Amid an ongoing epidemic of police violence in the U.S., how law enforcement officials handle mental heath crises is a problem of unknowable size, police reform advocates say. Many officers with the roughly 18,000 American law enforcement agencies receive what’s known as CIT training, which teaches them how to de-escalate a situation, avoid using lethal force and steer subjects toward the appropriate medical treatment.

That training is optional. But over the past few years, high-profile police shootings — like those of Deborah Danner in New York City, Charleena Lyles in Seattle and Alfred Olango in the San Diego area — have cast doubt on whether it is enough to counteract officers’ implicit biases.

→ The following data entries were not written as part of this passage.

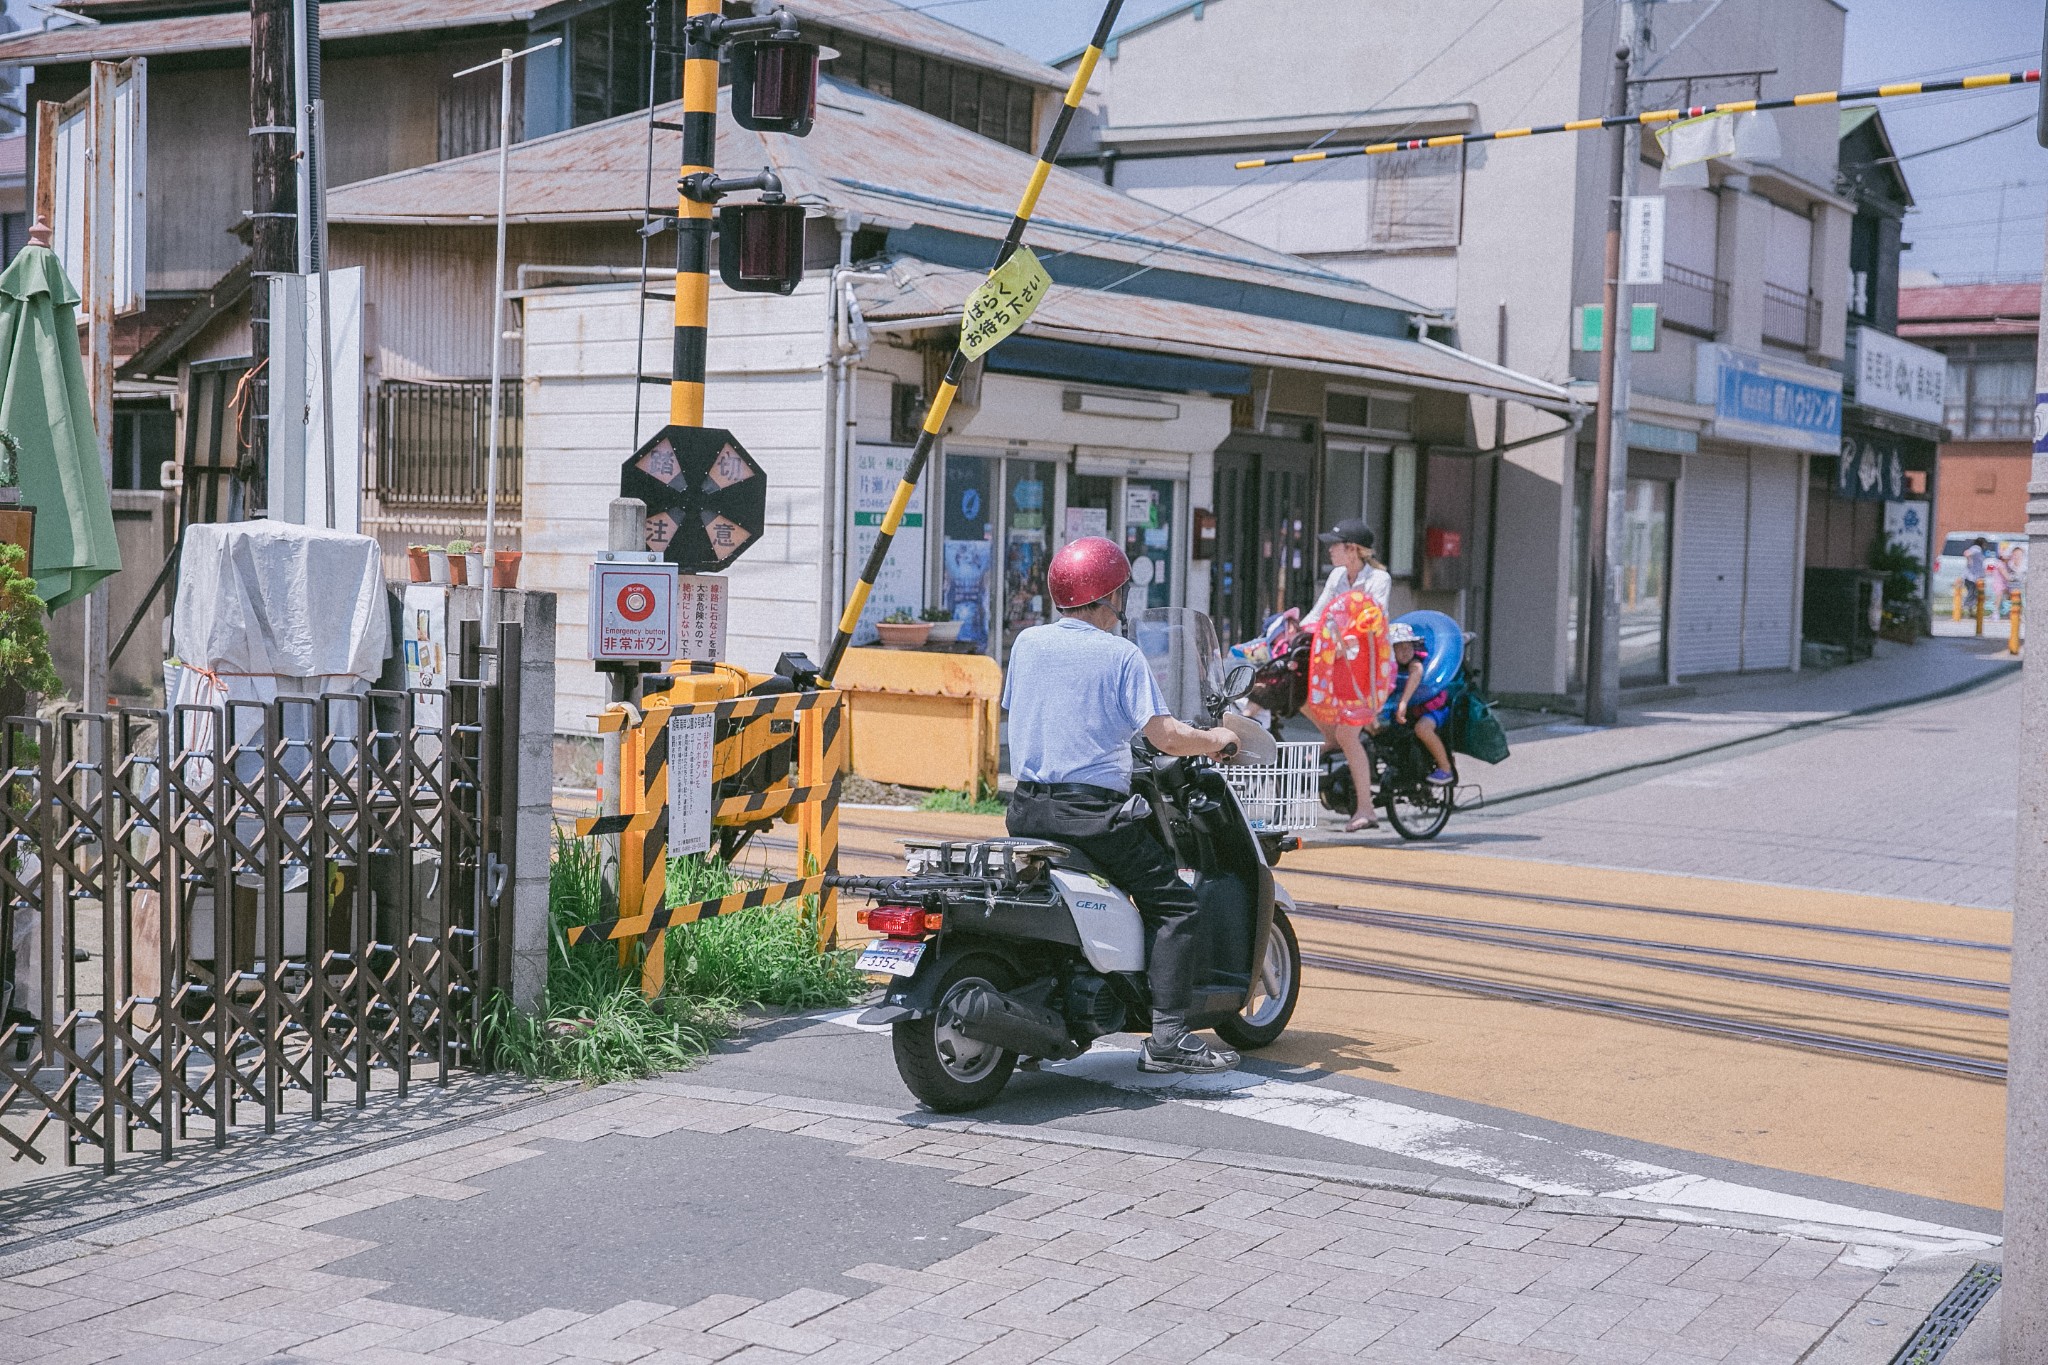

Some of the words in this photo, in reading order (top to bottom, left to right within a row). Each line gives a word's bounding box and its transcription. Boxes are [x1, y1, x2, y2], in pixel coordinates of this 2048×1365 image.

[966, 274, 1041, 347] お待ち下さい
[712, 523, 736, 547] 意
[680, 583, 692, 659] 絶対にしないで下
[695, 583, 706, 648] 大変危険なので
[604, 636, 667, 651] 非常ボタン
[605, 627, 642, 636] Emergency
[1075, 900, 1107, 911] GEAR

“I do think the training needs to go a step further, to address those inherent biases that exist around race, around ethnicity, around immigration status,” Erica King-Toler, assistant professor at the John Jay College of Criminal Justice in New York City, said in an interview with Mic Dispatch anchor Natasha del Toro. “I don’t think that the police are, as a group, aware of the long history of the things that have been going on in communities of color that affect how we respond to the police.”

Tarek Turkey/Mic

At least half of the estimated 375 to 500 people shot or killed by police in the U.S. each year had a mental disorder, according to a 2012 review of available law enforcement reports by the Portland Press Herald/Maine Sunday Telegram. In 2017, police shot and killed 987 people overall — 236 of whom had some form of mental illness, according to the Washington Post.

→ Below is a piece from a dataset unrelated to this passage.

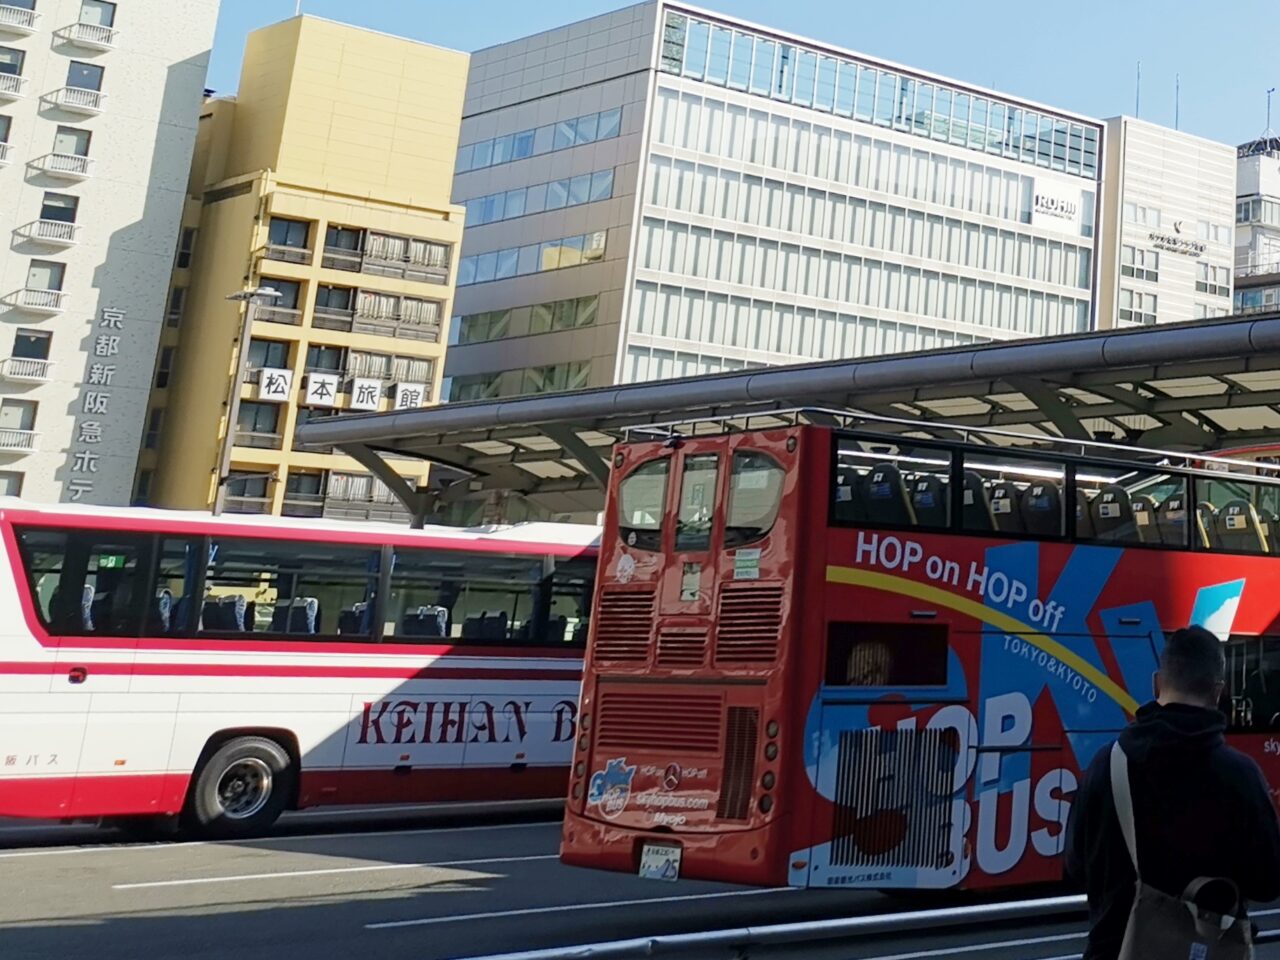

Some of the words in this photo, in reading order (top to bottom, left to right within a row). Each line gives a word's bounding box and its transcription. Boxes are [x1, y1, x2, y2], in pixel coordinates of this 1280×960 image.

“What would happen if we just stop and assess and see what are his symptoms?” King-Toler said. “What is the family observing? What is happening? I wonder, could the outcome have been different?”

King-Toler’s question is one the Phillips family has wrestled with for nearly 17 months. David Phillips said his son experienced a mental health episode during a police encounter in Sacramento, California, a year or so before the fatal shooting. That encounter traumatized his son, his father said.

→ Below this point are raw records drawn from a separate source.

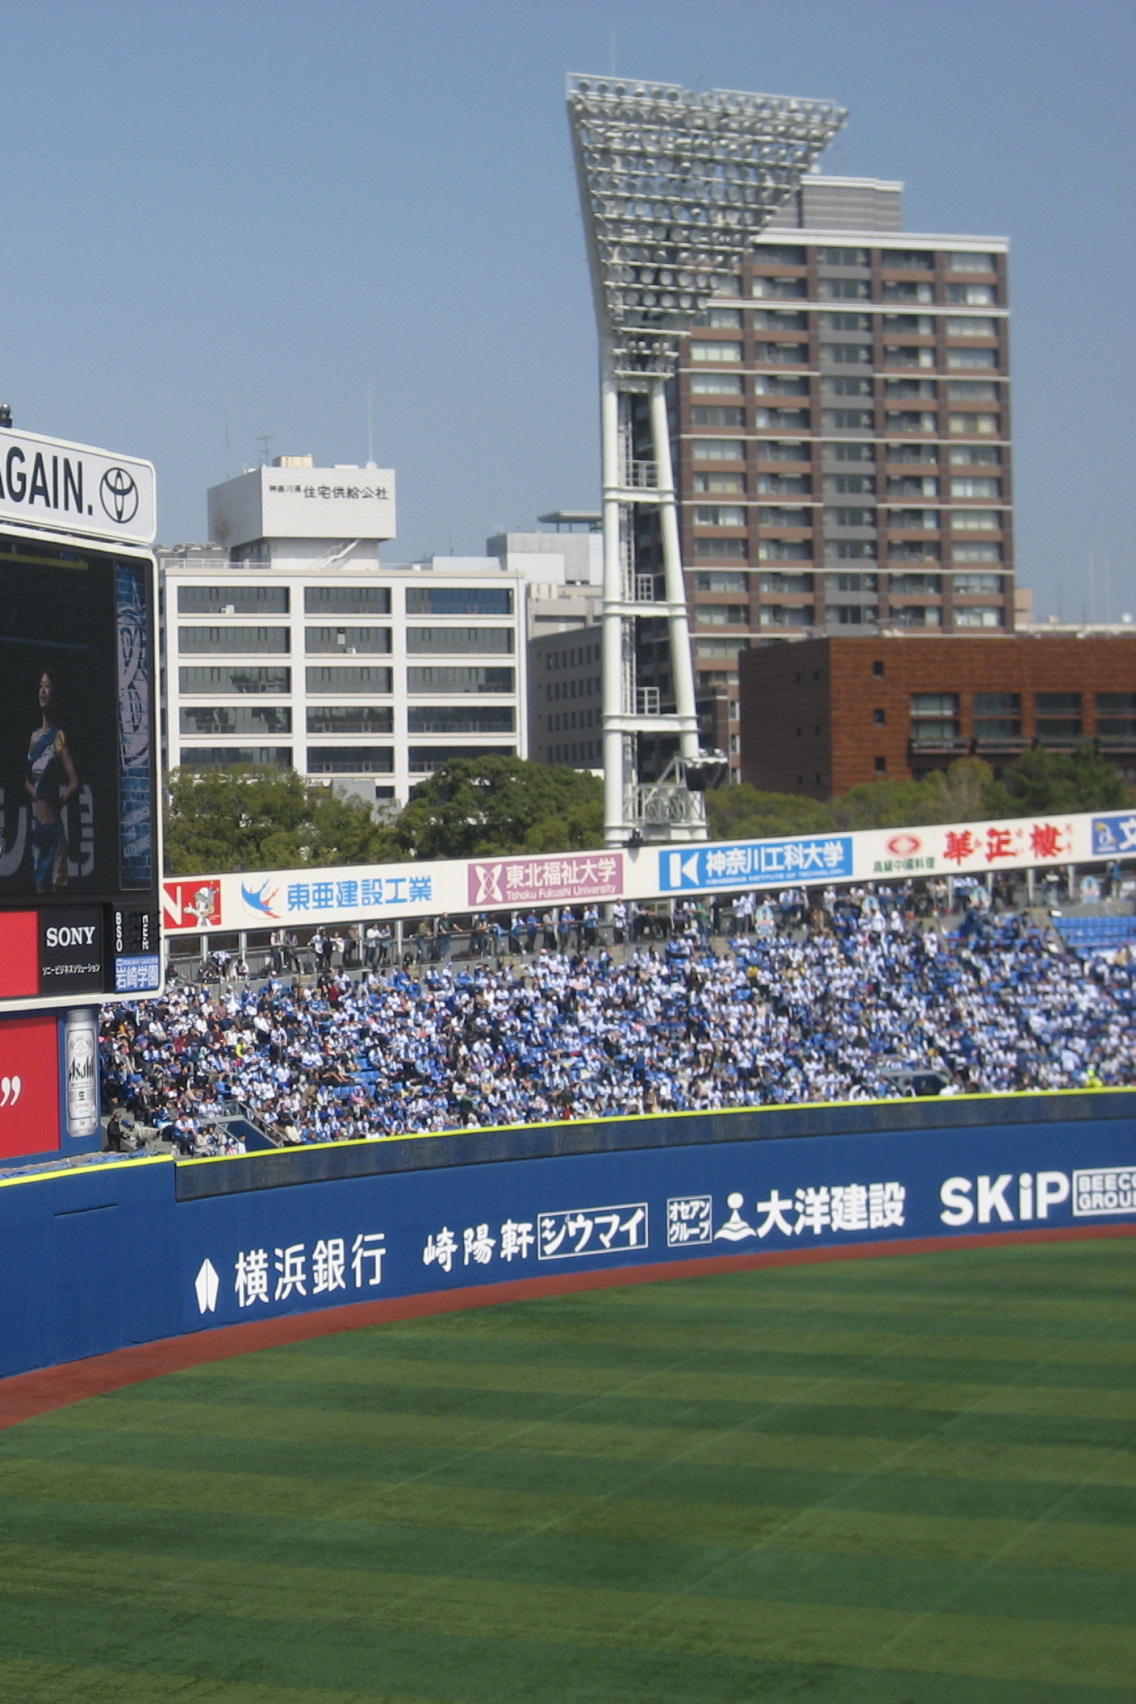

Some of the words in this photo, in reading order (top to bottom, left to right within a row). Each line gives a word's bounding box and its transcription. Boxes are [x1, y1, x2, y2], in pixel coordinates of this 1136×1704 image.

[505, 856, 617, 889] 東北福祉大学
[705, 840, 845, 878] 神奈川工科大学
[287, 875, 433, 912] 東亜建設工業
[505, 889, 537, 901] Tohoku
[538, 887, 572, 899] Fukushi
[573, 884, 617, 897] University
[46, 926, 96, 948] SONY
[41, 963, 102, 977] ソニービジネスソリューション
[116, 964, 159, 989] 岩崎学園
[69, 1055, 95, 1082] Asahi
[1079, 1174, 1136, 1192] BEEC
[669, 1200, 711, 1222] オセアン
[756, 1182, 906, 1239] 大洋建設
[939, 1170, 1071, 1227] SKiP
[422, 1218, 536, 1273] 崎陽軒
[541, 1208, 645, 1256] シウマイ
[669, 1220, 711, 1243] グループ
[234, 1233, 387, 1308] 横浜銀行

In the March 2017 911 call , Philips told at least one dispatcher that paramedics and officers had been to their home to help deal with one of his son’s crises in the past.

“He had two strikes against him — he had the color of his skin, which was the main thing, and then he had the mental health,” David said. “They knew he had mental problems.”

Tarek Turkey/Mic

Desmond’s family has filed a federal civil rights lawsuit and a wrongful death claim against the city of Chico and its police department, alleging that officers were negligent in their response to David Phillips’ 911 call. In March, the city and lawyers for the officers involved denied the allegations.

The lawsuits are still in litigation, said John Burris, a prominent, Oakland-based civil rights lawyer representing the Phillips family. The family has had to push back against the narrative that Desmond Phillips intended to do harm, including to the responding officers, he said.

“In order for police to justify what they’re doing on a routine basis, they really have to demonize the person they have killed and deny their humanity,” Burris said in a recent phone interview. “Well, the families have to deal with that loss of humanity, so to speak. And the collateral damage for them is immeasurable.”

Still, David Phillips doesn’t regret dialing 911 to get help for his son. He said police officers should be held accountable for uses of excessive force, whether or not they have been trained on mental health crises, he said.

“There’s nothing that I could’ve not done, because I did not expect them to come in here and murder my child,” David said. “They’re supposed to help you.”